Undoubtedly, the back temperature is closely linked to the compressor activity.
We need to do further investigation, but first tests show that there may be about 20% energy efficiency improvement activating air flow.
We checked that, when blower moves air behind refrigerator, compressor activity and inner temperature reduction speed are significantly reduced.
Accomplishments that we are proud of
We are very proud to have achieved a system that is capable of two tasks. On the one hand control hidden parameters of the refrigerators to the users.
On the other hand have been able to minimize electricity consumption in certain conditions.
At a first stage, asigning temperature sensors to each point of measurement was difficult.

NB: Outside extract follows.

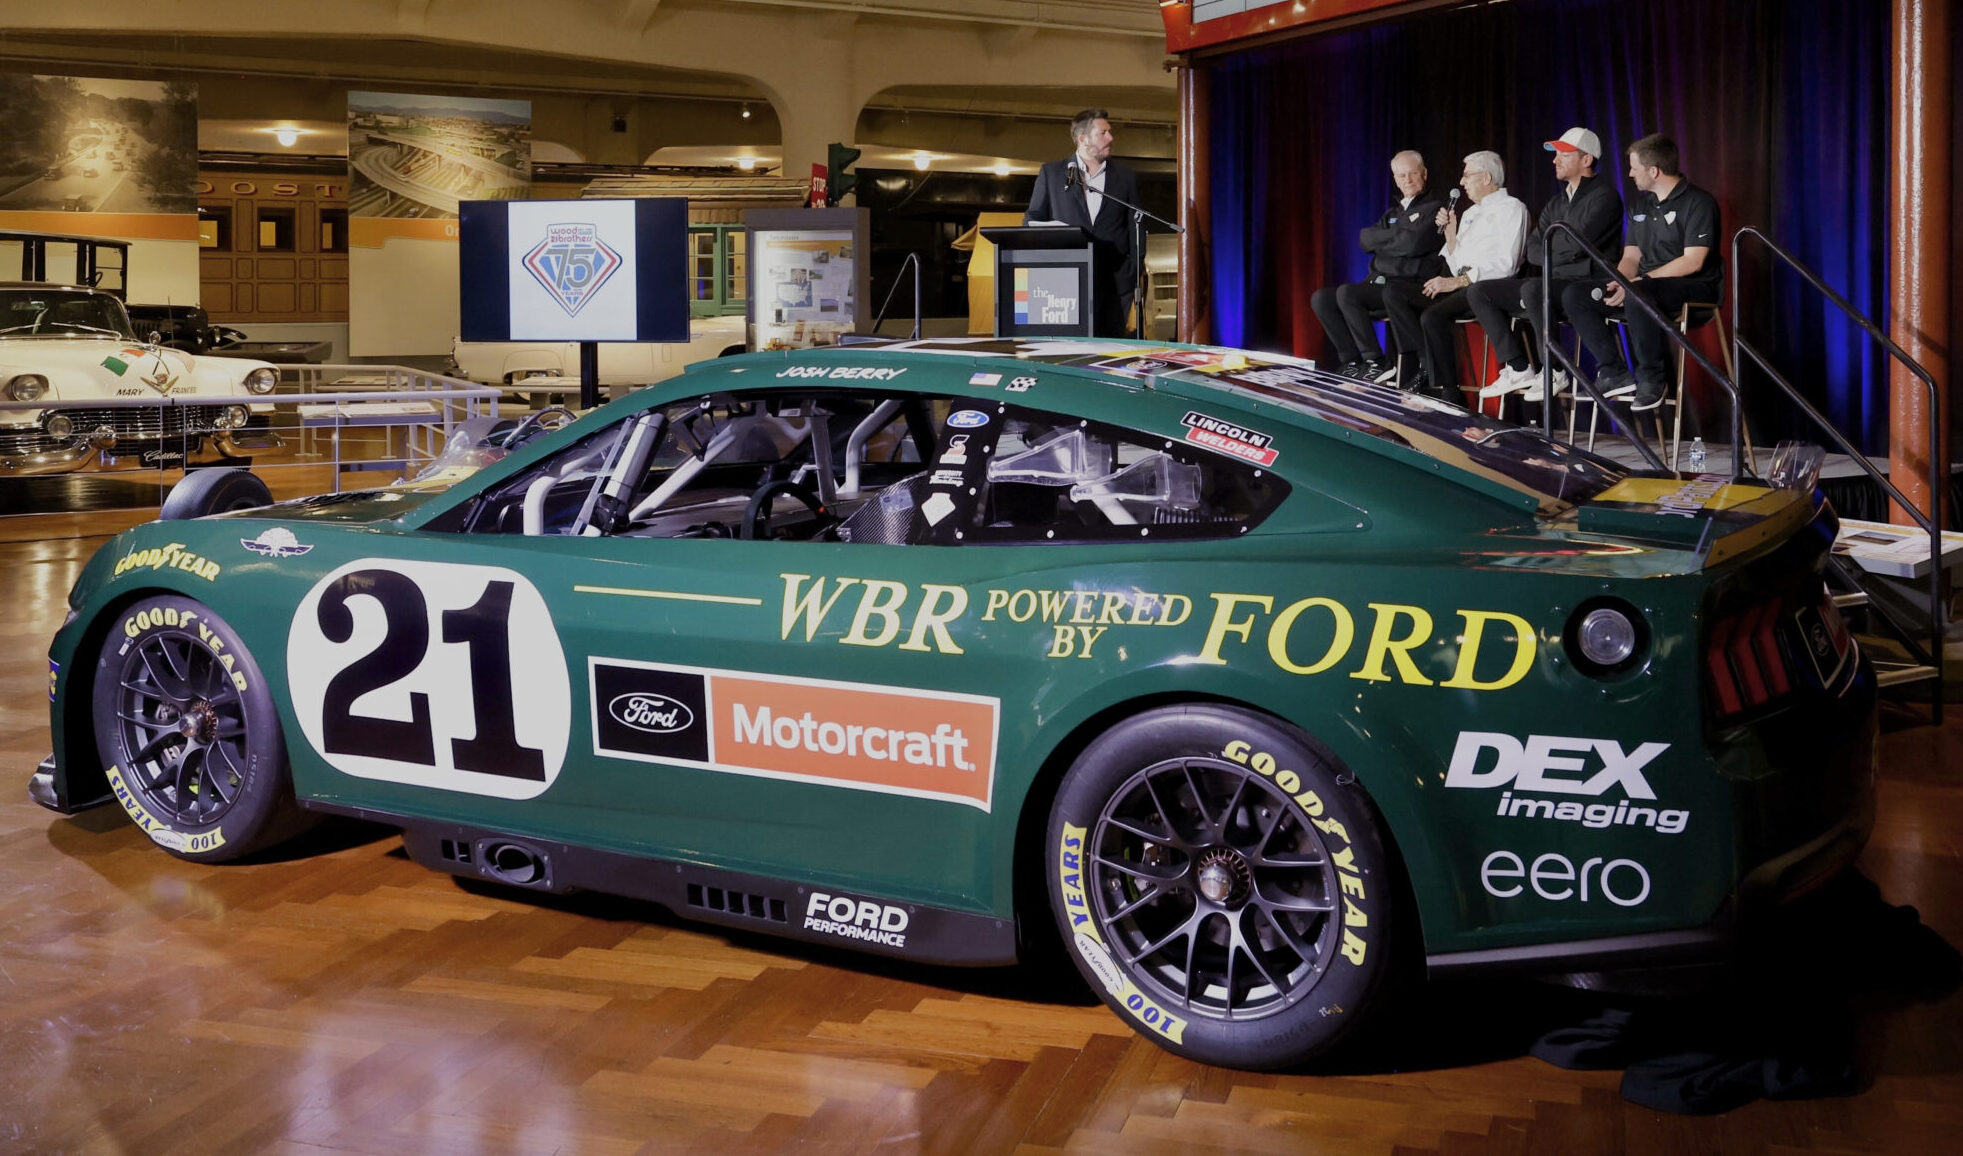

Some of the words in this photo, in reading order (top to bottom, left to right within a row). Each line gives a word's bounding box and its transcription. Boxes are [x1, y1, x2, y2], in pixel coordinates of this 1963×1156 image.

We had to check their hardware addresses to identify them and write it into source code. Now, we use temperature differences to identify sensors automatically. This makes easier to setup the system.
There is no doubt that there is still a long way to go in this project, but with the mere fact of having all this information we can help people reduce the consumption of their appliances.
What we have learned
Above all we have learned one thing, how refrigerators work. We have detected that in many occasions it is made an abuse of them.
Just by applying a few modifications to the installation, we can reduce its consumption. But all this is not possible if we do not have analytical data to corroborate it.
This is where open technologies come into play. They give us the possibility to create devices that adapt to our requirements. Without these technologies none of this would be possible.
We have also found that there may be huge differences in the consumption of different refrigerators. This project can help identify the most efficient models.
Only if we know the world around us, can we change it.
What's next for IoT Fridge Saver
The following steps we have planned are as follows:
- Improve data storage through Firebase. One database per user.
- Make summaries of the histories to show them in the home.
- Make historical data private for each device.
- Change the device settings on the web through a form.
- Activate or deactivate fans remotely.
- Conduct a socio-economic study in different countries.